What is required ▸ The expected result is a word-for-word copy of the entries, minus any pictures.

··· Material provided ···

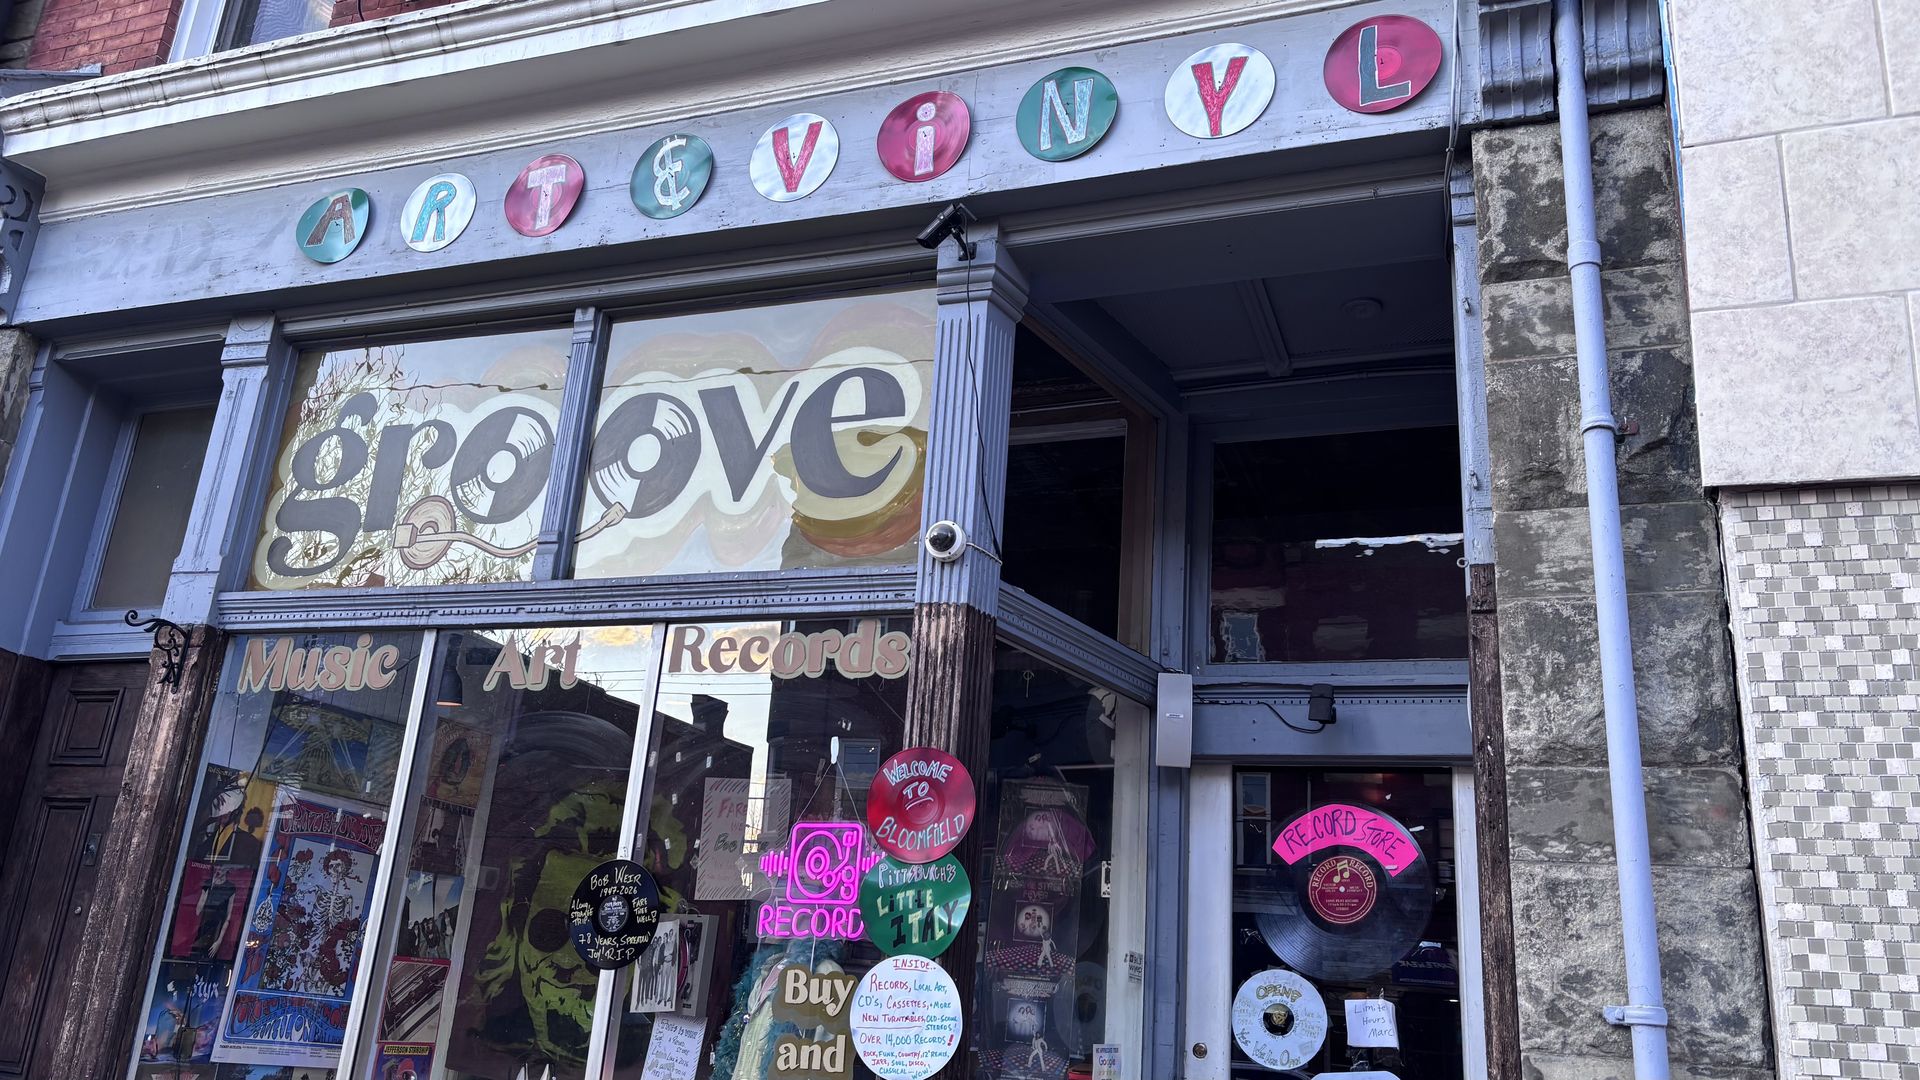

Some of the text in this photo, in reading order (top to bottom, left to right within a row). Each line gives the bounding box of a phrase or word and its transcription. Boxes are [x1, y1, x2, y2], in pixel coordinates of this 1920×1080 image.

[303, 164, 566, 248] ART
[652, 135, 691, 212] &
[268, 366, 907, 578] groove
[483, 630, 583, 692] Art
[669, 620, 911, 679] Records
[237, 633, 401, 694] Music
[883, 759, 954, 786] WELCOME
[902, 781, 931, 800] TO
[1282, 808, 1406, 860] RECORD STORE
[590, 865, 642, 890] BOB WEIR
[1311, 859, 1337, 888] RECORD
[1349, 859, 1374, 889] RECORD
[600, 886, 638, 897] 1947-2026
[632, 897, 648, 908] FARE
[758, 904, 865, 938] RECORD
[890, 899, 959, 948] ITALY
[578, 932, 591, 944] 78
[786, 970, 856, 1017] Buy
[913, 979, 933, 991] LOCAL
[862, 1013, 879, 1022] NEW
[1354, 1004, 1387, 1015] Limite
[1362, 1016, 1386, 1026] Hours
[860, 1033, 881, 1045] OVER
[885, 1034, 912, 1048] 14,000
[1367, 1028, 1394, 1039] Marc
[778, 1034, 846, 1073] and
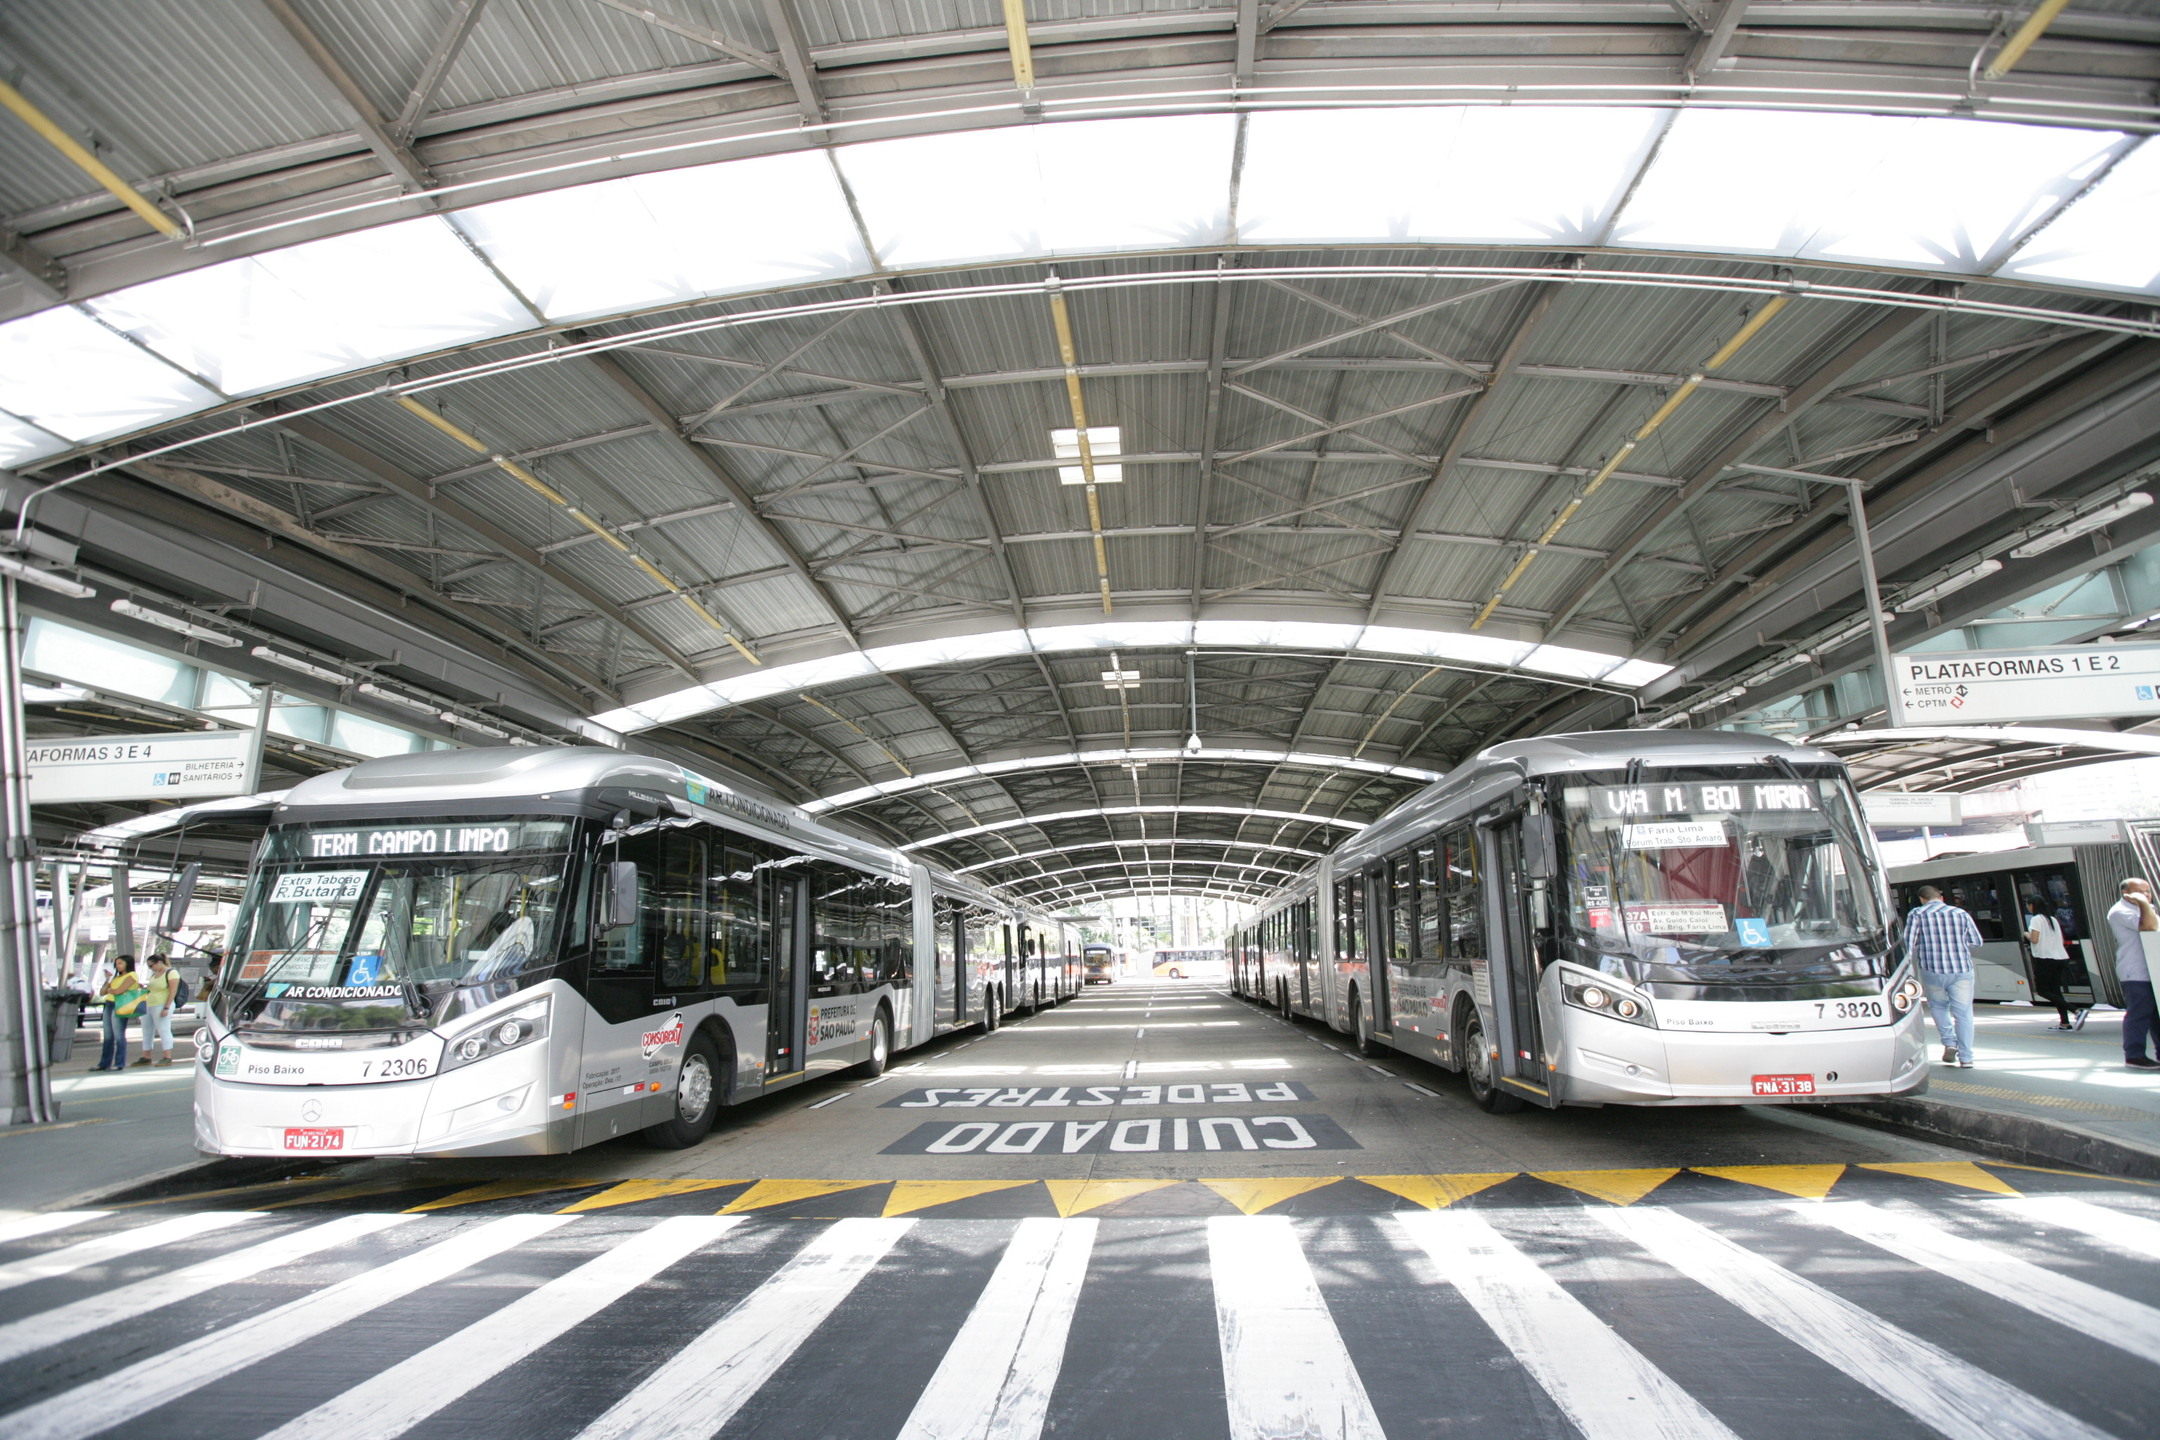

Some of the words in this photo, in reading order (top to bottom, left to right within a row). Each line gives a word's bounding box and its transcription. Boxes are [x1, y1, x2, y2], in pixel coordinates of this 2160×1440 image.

[1911, 658, 2064, 681] PLATAFORMAS
[2072, 658, 2081, 671] 1
[2089, 656, 2103, 671] E
[2108, 655, 2121, 670] 2
[1917, 699, 1947, 709] CPTM
[27, 746, 109, 763] AFORMAS
[114, 746, 123, 759] 3
[128, 746, 139, 759] E
[143, 745, 152, 758] 4
[185, 761, 234, 771] BILHETERIA
[182, 771, 233, 783] SANITÁRIOS
[1607, 789, 1649, 815] VIA
[1701, 785, 1741, 811] BOI
[1754, 784, 1811, 809] MIRIM
[709, 788, 723, 805] AR
[726, 793, 789, 830] CONDICIONADO
[1648, 826, 1675, 835] Faria
[1678, 824, 1704, 833] Lima
[369, 830, 436, 855] CAMPO
[444, 827, 509, 853] LIMPO
[1696, 834, 1723, 843] Amaro
[281, 875, 312, 886] Extra
[317, 873, 362, 885] Taboão
[286, 986, 303, 998] AR
[305, 985, 402, 998] CONDICIONADO
[820, 1005, 849, 1020] PREFEITURA
[1814, 1003, 1825, 1019] 7
[1837, 1001, 1883, 1018] 3820
[1666, 1017, 1686, 1026] Piso
[1688, 1018, 1714, 1026] Baixo
[820, 1020, 835, 1041] SÃO
[835, 1020, 856, 1038] PAULO
[248, 1065, 270, 1075] Piso
[273, 1063, 305, 1075] Baixo
[362, 1061, 374, 1078] 7
[380, 1058, 428, 1077] 2306
[899, 1082, 1300, 1108] PEDESTRES
[925, 1116, 1317, 1154] CUIDADO
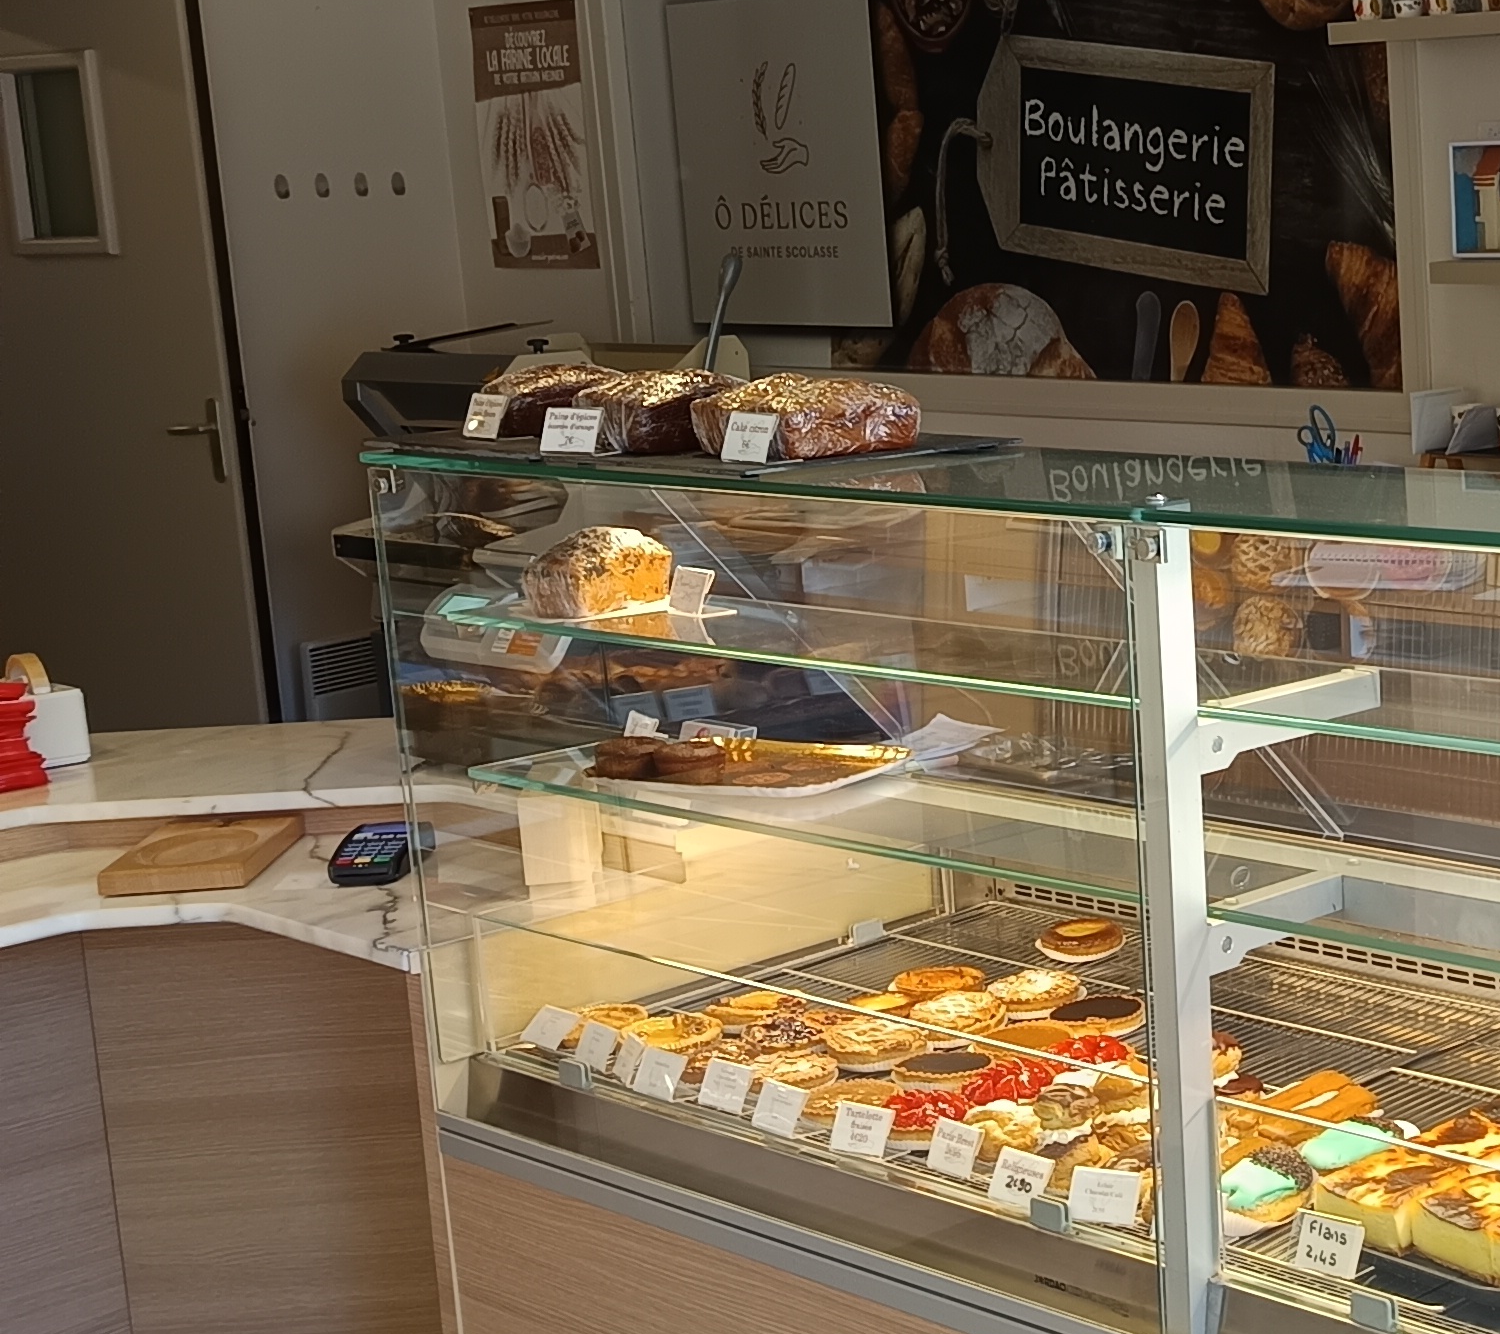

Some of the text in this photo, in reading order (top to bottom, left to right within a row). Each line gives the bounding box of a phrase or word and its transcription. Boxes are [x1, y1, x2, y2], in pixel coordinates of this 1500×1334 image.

···

Solved exercise ▸
Some of the text in this photo, in reading order (top to bottom, left to right within a row). Each line gives the bounding box of a phrase or word and its transcription. Boxes are [x1, y1, x2, y2], in pixel coordinates of this 1920×1080 image.

[303, 164, 566, 248] ART
[652, 135, 691, 212] &
[268, 366, 907, 578] groove
[483, 630, 583, 692] Art
[669, 620, 911, 679] Records
[237, 633, 401, 694] Music
[883, 759, 954, 786] WELCOME
[902, 781, 931, 800] TO
[1282, 808, 1406, 860] RECORD STORE
[590, 865, 642, 890] BOB WEIR
[1311, 859, 1337, 888] RECORD
[1349, 859, 1374, 889] RECORD
[600, 886, 638, 897] 1947-2026
[632, 897, 648, 908] FARE
[758, 904, 865, 938] RECORD
[890, 899, 959, 948] ITALY
[578, 932, 591, 944] 78
[786, 970, 856, 1017] Buy
[913, 979, 933, 991] LOCAL
[862, 1013, 879, 1022] NEW
[1354, 1004, 1387, 1015] Limite
[1362, 1016, 1386, 1026] Hours
[860, 1033, 881, 1045] OVER
[885, 1034, 912, 1048] 14,000
[1367, 1028, 1394, 1039] Marc
[778, 1034, 846, 1073] and

Some of the words in this photo, in reading order (top to bottom, left to right within a row). Each line gives a word's bounding box and its transcription. Boxes are [x1, y1, x2, y2], in pixel coordinates of this 2160×1440 image.

[1911, 658, 2064, 681] PLATAFORMAS
[2072, 658, 2081, 671] 1
[2089, 656, 2103, 671] E
[2108, 655, 2121, 670] 2
[1917, 699, 1947, 709] CPTM
[27, 746, 109, 763] AFORMAS
[114, 746, 123, 759] 3
[128, 746, 139, 759] E
[143, 745, 152, 758] 4
[185, 761, 234, 771] BILHETERIA
[182, 771, 233, 783] SANITÁRIOS
[1607, 789, 1649, 815] VIA
[1701, 785, 1741, 811] BOI
[1754, 784, 1811, 809] MIRIM
[709, 788, 723, 805] AR
[726, 793, 789, 830] CONDICIONADO
[1648, 826, 1675, 835] Faria
[1678, 824, 1704, 833] Lima
[369, 830, 436, 855] CAMPO
[444, 827, 509, 853] LIMPO
[1696, 834, 1723, 843] Amaro
[281, 875, 312, 886] Extra
[317, 873, 362, 885] Taboão
[286, 986, 303, 998] AR
[305, 985, 402, 998] CONDICIONADO
[820, 1005, 849, 1020] PREFEITURA
[1814, 1003, 1825, 1019] 7
[1837, 1001, 1883, 1018] 3820
[1666, 1017, 1686, 1026] Piso
[1688, 1018, 1714, 1026] Baixo
[820, 1020, 835, 1041] SÃO
[835, 1020, 856, 1038] PAULO
[248, 1065, 270, 1075] Piso
[273, 1063, 305, 1075] Baixo
[362, 1061, 374, 1078] 7
[380, 1058, 428, 1077] 2306
[899, 1082, 1300, 1108] PEDESTRES
[925, 1116, 1317, 1154] CUIDADO

Some of the text in this photo, in reading order (top to bottom, left to right within a row). Each line gives the bounding box of a phrase or word and its transcription. Boxes are [x1, y1, x2, y2], in pixel coordinates of this 1500×1334 image.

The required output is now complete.